**TASK DIRECTIONS**
Only the pictures should be left out; write out all other data exactly.

[Text-to-region grounding data]
────────────────────────────────────────

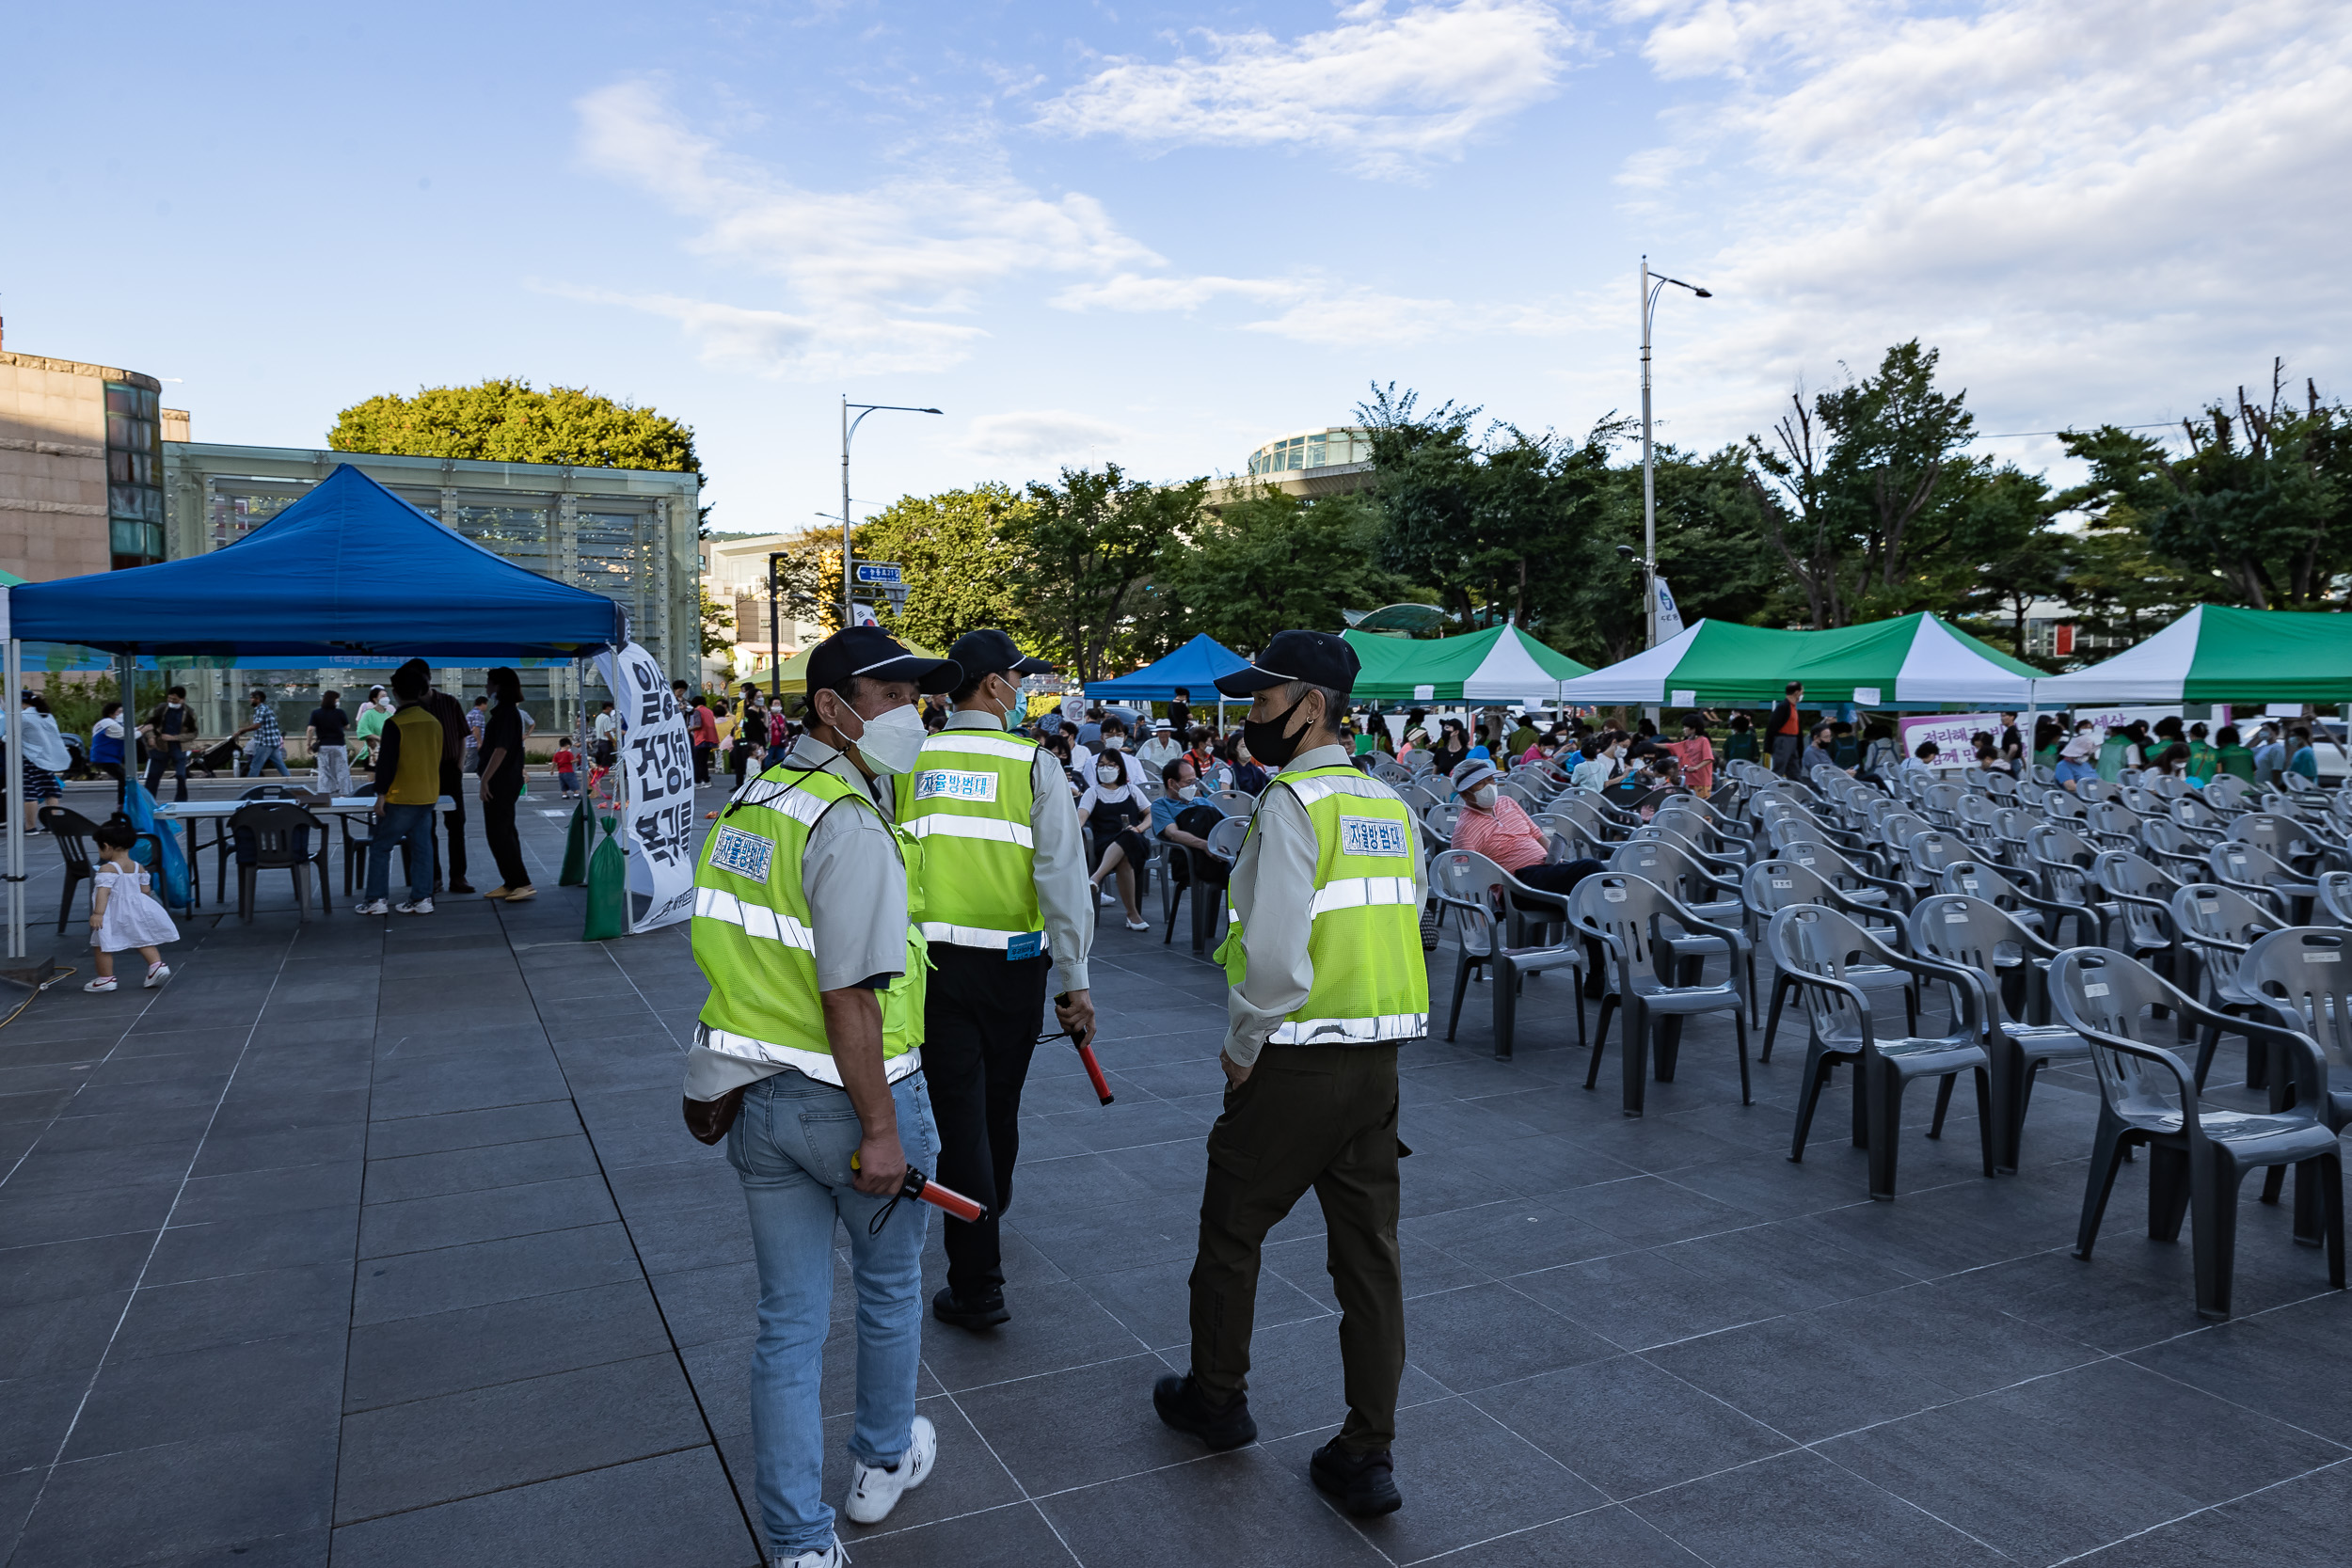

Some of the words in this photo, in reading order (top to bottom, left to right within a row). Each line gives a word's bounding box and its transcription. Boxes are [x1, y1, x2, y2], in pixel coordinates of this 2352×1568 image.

[631, 727, 692, 802] 건강한
[924, 773, 987, 796] 자율방범대
[1349, 822, 1401, 849] 자율방범대
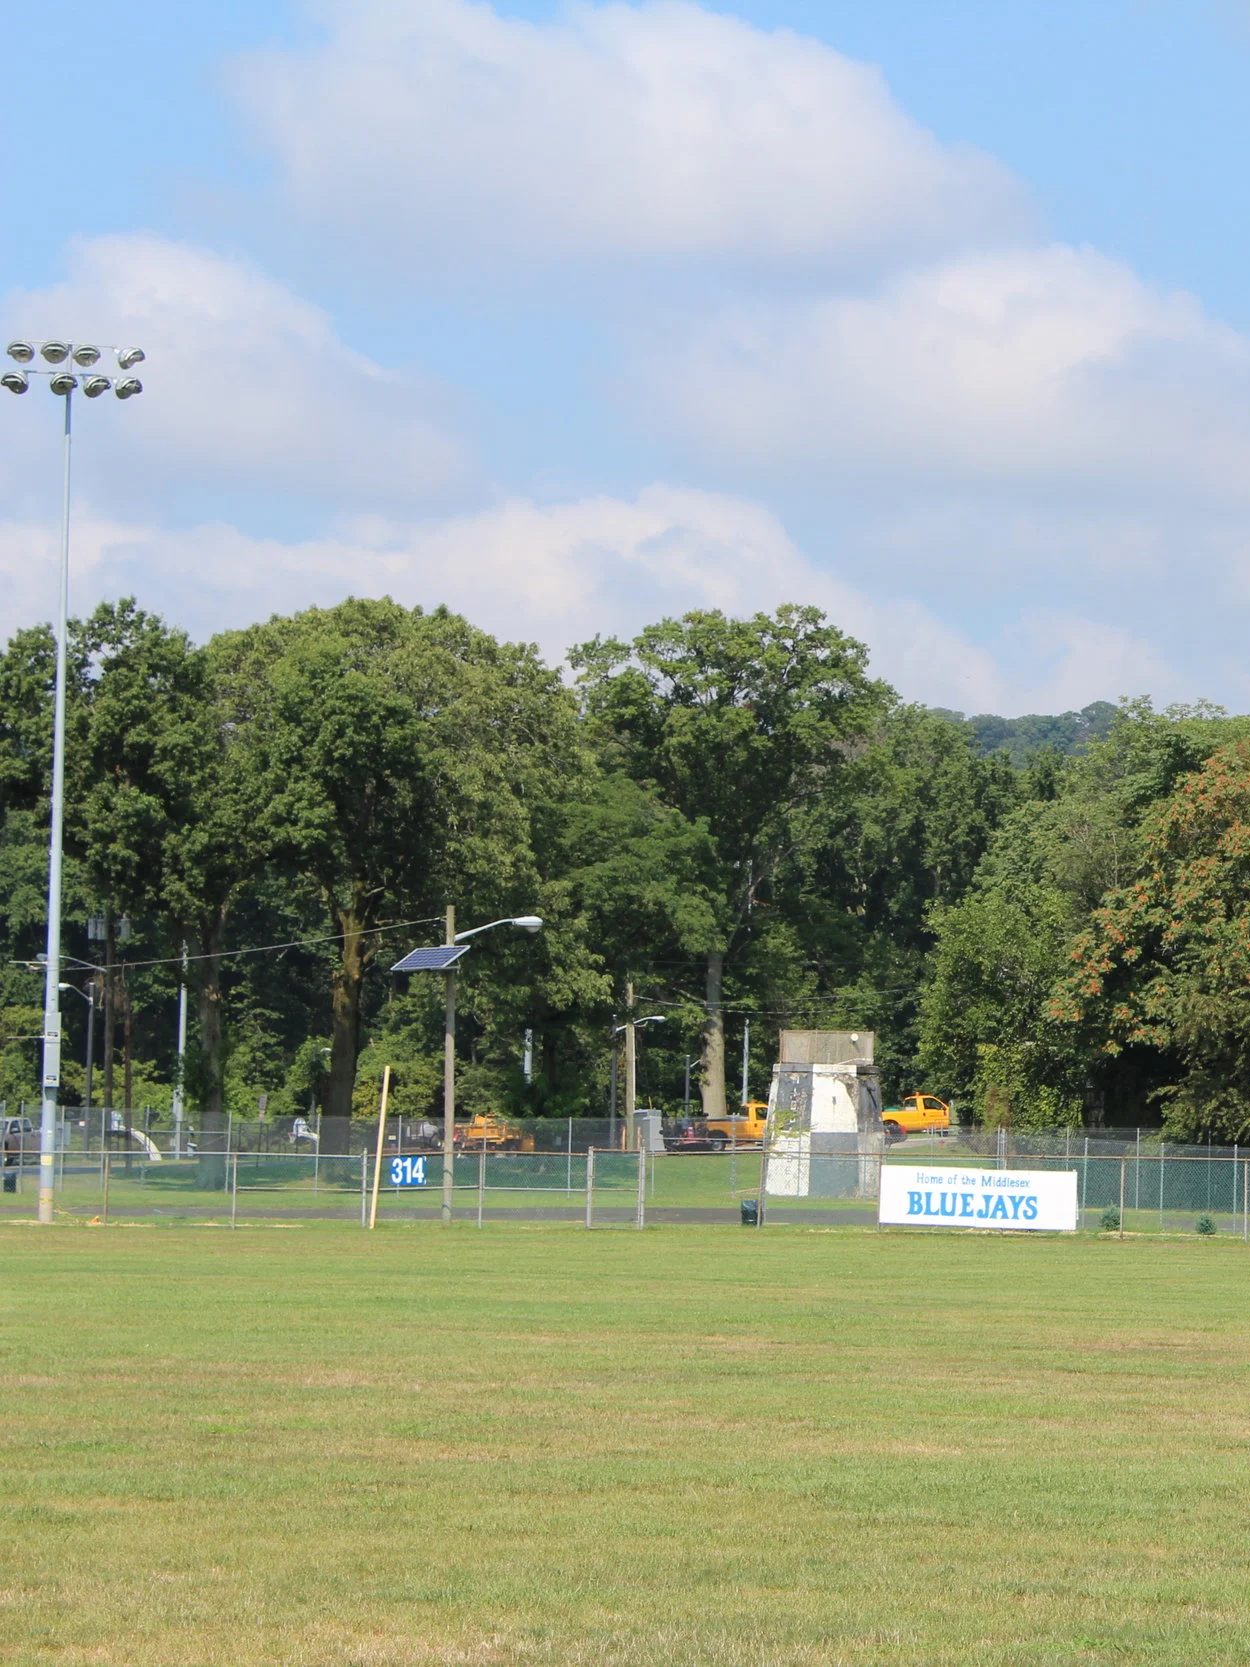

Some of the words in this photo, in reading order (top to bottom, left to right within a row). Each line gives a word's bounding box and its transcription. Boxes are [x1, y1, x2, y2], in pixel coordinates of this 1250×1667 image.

[391, 1157, 425, 1184] 314
[916, 1172, 944, 1185] Home
[947, 1174, 958, 1185] of
[961, 1175, 977, 1186] the
[981, 1175, 1030, 1188] Middlesex
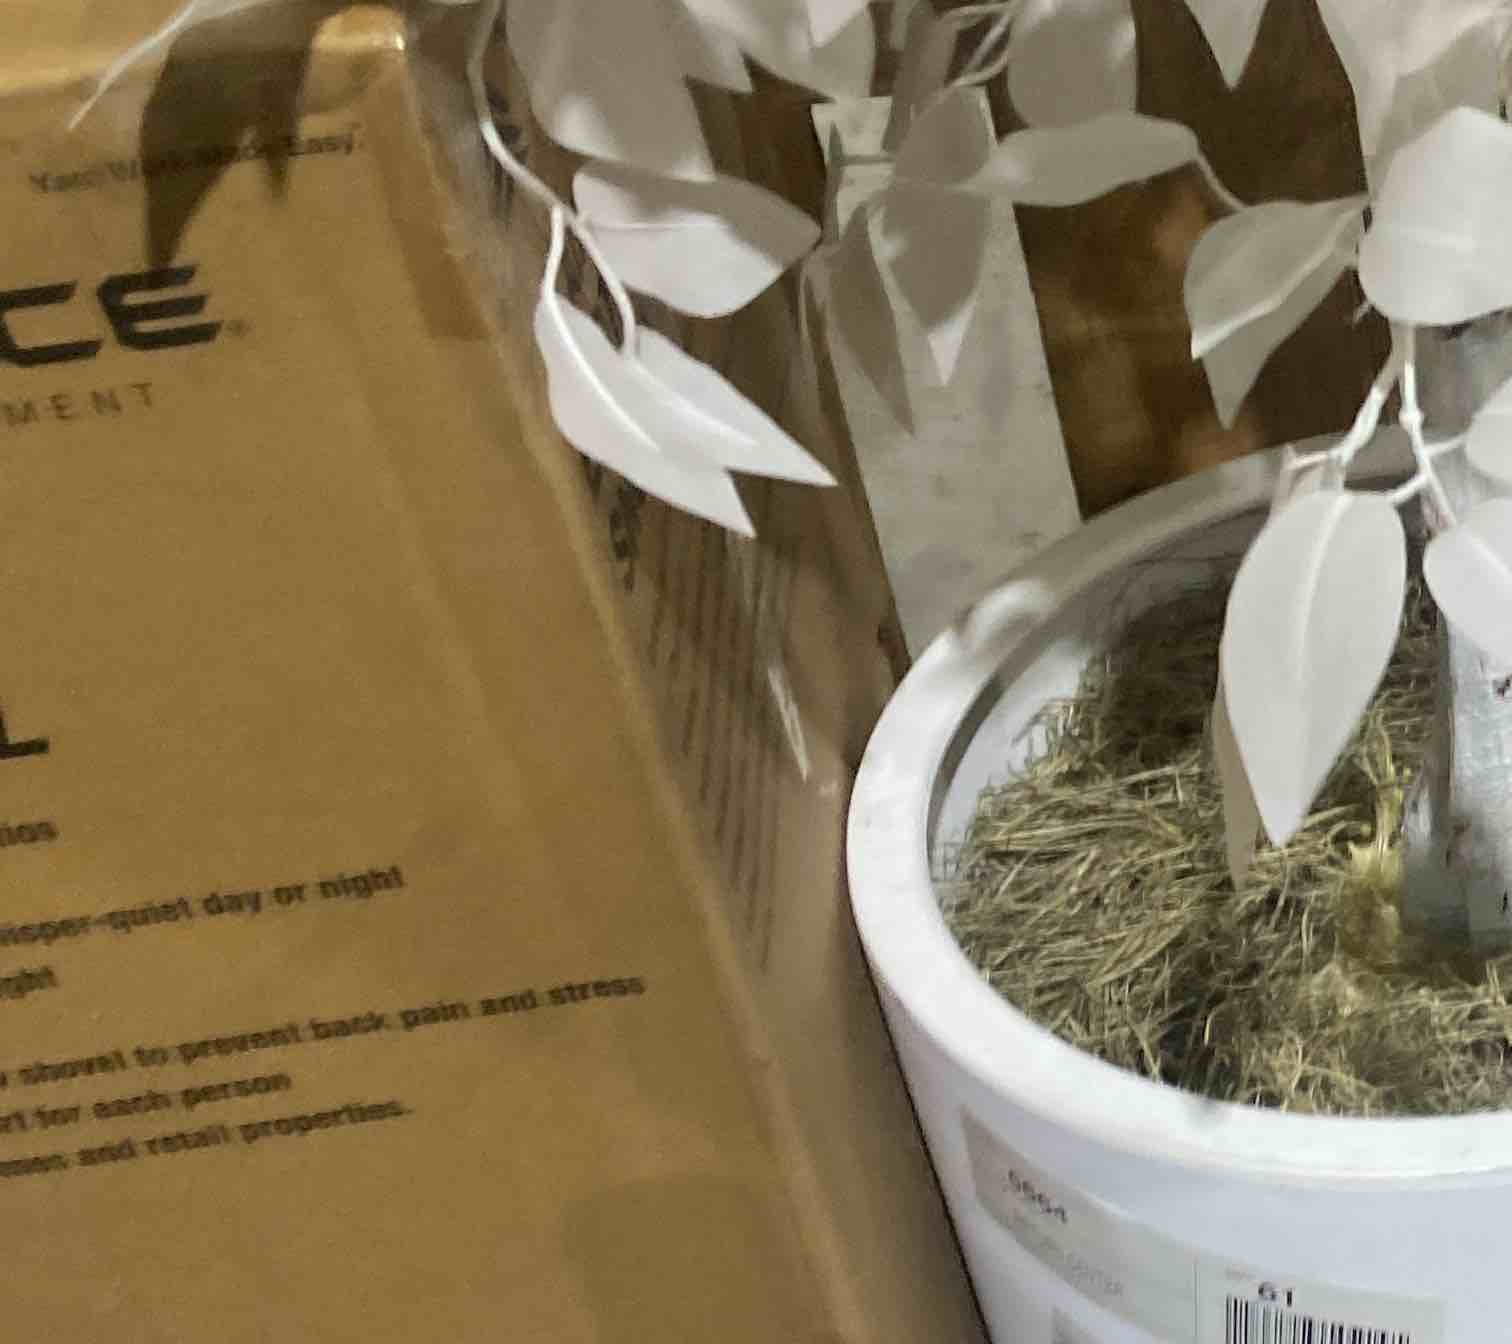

────────────────────────────────────────

**EXERCISE OUTPUT**
Some of the words in this photo, in reading order (top to bottom, left to right within a row). Each line gives a word's bounding box and its transcription. Boxes are [x1, y1, x2, y2], in pixel coordinates of this 2352×1568 image.

[631, 727, 692, 802] 건강한
[924, 773, 987, 796] 자율방범대
[1349, 822, 1401, 849] 자율방범대

Some of the words in this photo, in reading order (top to bottom, left to right within a row). Each line gives a word's bounding box and its transcription. Boxes are [x1, y1, x2, y2], in pixel coordinates of this 1250×1667 image.

[391, 1157, 425, 1184] 314
[916, 1172, 944, 1185] Home
[947, 1174, 958, 1185] of
[961, 1175, 977, 1186] the
[981, 1175, 1030, 1188] Middlesex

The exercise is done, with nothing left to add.